Task description: The whole of the data is to be returned without a single change.

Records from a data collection
-=-=-

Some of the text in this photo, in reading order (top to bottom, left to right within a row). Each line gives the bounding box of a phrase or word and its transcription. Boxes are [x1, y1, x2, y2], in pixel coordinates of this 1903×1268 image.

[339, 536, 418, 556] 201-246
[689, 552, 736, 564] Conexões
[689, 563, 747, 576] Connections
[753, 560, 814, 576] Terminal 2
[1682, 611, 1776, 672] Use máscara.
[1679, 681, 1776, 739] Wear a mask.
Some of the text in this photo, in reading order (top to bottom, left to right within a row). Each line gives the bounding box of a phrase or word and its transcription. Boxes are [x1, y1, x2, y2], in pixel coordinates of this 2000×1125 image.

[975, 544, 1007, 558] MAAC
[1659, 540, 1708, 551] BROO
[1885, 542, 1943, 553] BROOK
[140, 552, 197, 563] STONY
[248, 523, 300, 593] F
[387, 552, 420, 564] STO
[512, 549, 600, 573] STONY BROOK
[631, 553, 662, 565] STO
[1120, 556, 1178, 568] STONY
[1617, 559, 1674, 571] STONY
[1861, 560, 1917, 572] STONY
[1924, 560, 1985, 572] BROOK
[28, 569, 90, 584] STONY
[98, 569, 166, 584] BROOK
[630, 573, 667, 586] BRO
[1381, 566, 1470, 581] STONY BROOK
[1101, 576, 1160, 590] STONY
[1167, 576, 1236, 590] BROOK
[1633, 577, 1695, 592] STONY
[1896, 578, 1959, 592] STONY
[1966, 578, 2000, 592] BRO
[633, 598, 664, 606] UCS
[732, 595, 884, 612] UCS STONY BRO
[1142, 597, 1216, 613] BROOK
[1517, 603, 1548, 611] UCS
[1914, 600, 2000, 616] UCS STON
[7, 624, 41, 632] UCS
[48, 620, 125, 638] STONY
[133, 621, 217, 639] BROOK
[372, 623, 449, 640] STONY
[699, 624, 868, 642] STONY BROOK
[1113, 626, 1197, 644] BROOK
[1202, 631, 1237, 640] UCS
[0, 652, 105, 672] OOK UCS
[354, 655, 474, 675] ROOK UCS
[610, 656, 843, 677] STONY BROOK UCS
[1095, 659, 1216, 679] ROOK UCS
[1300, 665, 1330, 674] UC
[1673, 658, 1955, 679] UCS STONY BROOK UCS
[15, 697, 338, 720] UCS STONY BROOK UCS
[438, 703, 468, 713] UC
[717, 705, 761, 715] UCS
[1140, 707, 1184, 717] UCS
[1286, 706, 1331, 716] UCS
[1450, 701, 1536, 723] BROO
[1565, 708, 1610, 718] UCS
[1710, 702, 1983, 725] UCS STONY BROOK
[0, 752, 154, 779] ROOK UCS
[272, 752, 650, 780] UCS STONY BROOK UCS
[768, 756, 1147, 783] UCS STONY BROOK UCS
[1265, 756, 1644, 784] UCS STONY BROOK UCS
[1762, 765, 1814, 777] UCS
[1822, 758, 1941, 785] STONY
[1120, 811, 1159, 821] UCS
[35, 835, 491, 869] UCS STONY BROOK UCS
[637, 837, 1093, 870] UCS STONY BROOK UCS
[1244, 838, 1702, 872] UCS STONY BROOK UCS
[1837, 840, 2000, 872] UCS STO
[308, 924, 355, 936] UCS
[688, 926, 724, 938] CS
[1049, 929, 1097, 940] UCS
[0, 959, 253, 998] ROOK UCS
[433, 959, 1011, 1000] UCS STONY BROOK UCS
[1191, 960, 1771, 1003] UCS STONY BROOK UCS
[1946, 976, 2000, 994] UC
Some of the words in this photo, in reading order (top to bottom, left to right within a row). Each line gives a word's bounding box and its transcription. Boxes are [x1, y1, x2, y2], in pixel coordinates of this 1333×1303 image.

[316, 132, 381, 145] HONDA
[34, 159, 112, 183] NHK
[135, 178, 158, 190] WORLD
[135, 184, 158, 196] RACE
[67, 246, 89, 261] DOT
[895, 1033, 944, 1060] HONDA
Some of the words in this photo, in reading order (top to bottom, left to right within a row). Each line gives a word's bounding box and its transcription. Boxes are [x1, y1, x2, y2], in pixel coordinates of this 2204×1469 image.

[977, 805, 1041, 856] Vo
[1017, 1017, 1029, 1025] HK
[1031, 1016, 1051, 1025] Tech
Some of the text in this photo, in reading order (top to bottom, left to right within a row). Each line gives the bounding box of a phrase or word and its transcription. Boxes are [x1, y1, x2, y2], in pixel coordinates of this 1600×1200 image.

-=-=-

Answer:
Some of the text in this photo, in reading order (top to bottom, left to right within a row). Each line gives the bounding box of a phrase or word and its transcription. Boxes are [x1, y1, x2, y2], in pixel coordinates of this 1903×1268 image.

[339, 536, 418, 556] 201-246
[689, 552, 736, 564] Conexões
[689, 563, 747, 576] Connections
[753, 560, 814, 576] Terminal 2
[1682, 611, 1776, 672] Use máscara.
[1679, 681, 1776, 739] Wear a mask.
Some of the text in this photo, in reading order (top to bottom, left to right within a row). Each line gives the bounding box of a phrase or word and its transcription. Boxes are [x1, y1, x2, y2], in pixel coordinates of this 2000×1125 image.

[975, 544, 1007, 558] MAAC
[1659, 540, 1708, 551] BROO
[1885, 542, 1943, 553] BROOK
[140, 552, 197, 563] STONY
[248, 523, 300, 593] F
[387, 552, 420, 564] STO
[512, 549, 600, 573] STONY BROOK
[631, 553, 662, 565] STO
[1120, 556, 1178, 568] STONY
[1617, 559, 1674, 571] STONY
[1861, 560, 1917, 572] STONY
[1924, 560, 1985, 572] BROOK
[28, 569, 90, 584] STONY
[98, 569, 166, 584] BROOK
[630, 573, 667, 586] BRO
[1381, 566, 1470, 581] STONY BROOK
[1101, 576, 1160, 590] STONY
[1167, 576, 1236, 590] BROOK
[1633, 577, 1695, 592] STONY
[1896, 578, 1959, 592] STONY
[1966, 578, 2000, 592] BRO
[633, 598, 664, 606] UCS
[732, 595, 884, 612] UCS STONY BRO
[1142, 597, 1216, 613] BROOK
[1517, 603, 1548, 611] UCS
[1914, 600, 2000, 616] UCS STON
[7, 624, 41, 632] UCS
[48, 620, 125, 638] STONY
[133, 621, 217, 639] BROOK
[372, 623, 449, 640] STONY
[699, 624, 868, 642] STONY BROOK
[1113, 626, 1197, 644] BROOK
[1202, 631, 1237, 640] UCS
[0, 652, 105, 672] OOK UCS
[354, 655, 474, 675] ROOK UCS
[610, 656, 843, 677] STONY BROOK UCS
[1095, 659, 1216, 679] ROOK UCS
[1300, 665, 1330, 674] UC
[1673, 658, 1955, 679] UCS STONY BROOK UCS
[15, 697, 338, 720] UCS STONY BROOK UCS
[438, 703, 468, 713] UC
[717, 705, 761, 715] UCS
[1140, 707, 1184, 717] UCS
[1286, 706, 1331, 716] UCS
[1450, 701, 1536, 723] BROO
[1565, 708, 1610, 718] UCS
[1710, 702, 1983, 725] UCS STONY BROOK
[0, 752, 154, 779] ROOK UCS
[272, 752, 650, 780] UCS STONY BROOK UCS
[768, 756, 1147, 783] UCS STONY BROOK UCS
[1265, 756, 1644, 784] UCS STONY BROOK UCS
[1762, 765, 1814, 777] UCS
[1822, 758, 1941, 785] STONY
[1120, 811, 1159, 821] UCS
[35, 835, 491, 869] UCS STONY BROOK UCS
[637, 837, 1093, 870] UCS STONY BROOK UCS
[1244, 838, 1702, 872] UCS STONY BROOK UCS
[1837, 840, 2000, 872] UCS STO
[308, 924, 355, 936] UCS
[688, 926, 724, 938] CS
[1049, 929, 1097, 940] UCS
[0, 959, 253, 998] ROOK UCS
[433, 959, 1011, 1000] UCS STONY BROOK UCS
[1191, 960, 1771, 1003] UCS STONY BROOK UCS
[1946, 976, 2000, 994] UC
Some of the words in this photo, in reading order (top to bottom, left to right within a row). Each line gives a word's bounding box and its transcription. Boxes are [x1, y1, x2, y2], in pixel coordinates of this 1333×1303 image.

[316, 132, 381, 145] HONDA
[34, 159, 112, 183] NHK
[135, 178, 158, 190] WORLD
[135, 184, 158, 196] RACE
[67, 246, 89, 261] DOT
[895, 1033, 944, 1060] HONDA
Some of the words in this photo, in reading order (top to bottom, left to right within a row). Each line gives a word's bounding box and its transcription. Boxes are [x1, y1, x2, y2], in pixel coordinates of this 2204×1469 image.

[977, 805, 1041, 856] Vo
[1017, 1017, 1029, 1025] HK
[1031, 1016, 1051, 1025] Tech
Some of the text in this photo, in reading order (top to bottom, left to right within a row). Each line gives the bounding box of a phrase or word and its transcription. Boxes are [x1, y1, x2, y2], in pixel coordinates of this 1600×1200 image.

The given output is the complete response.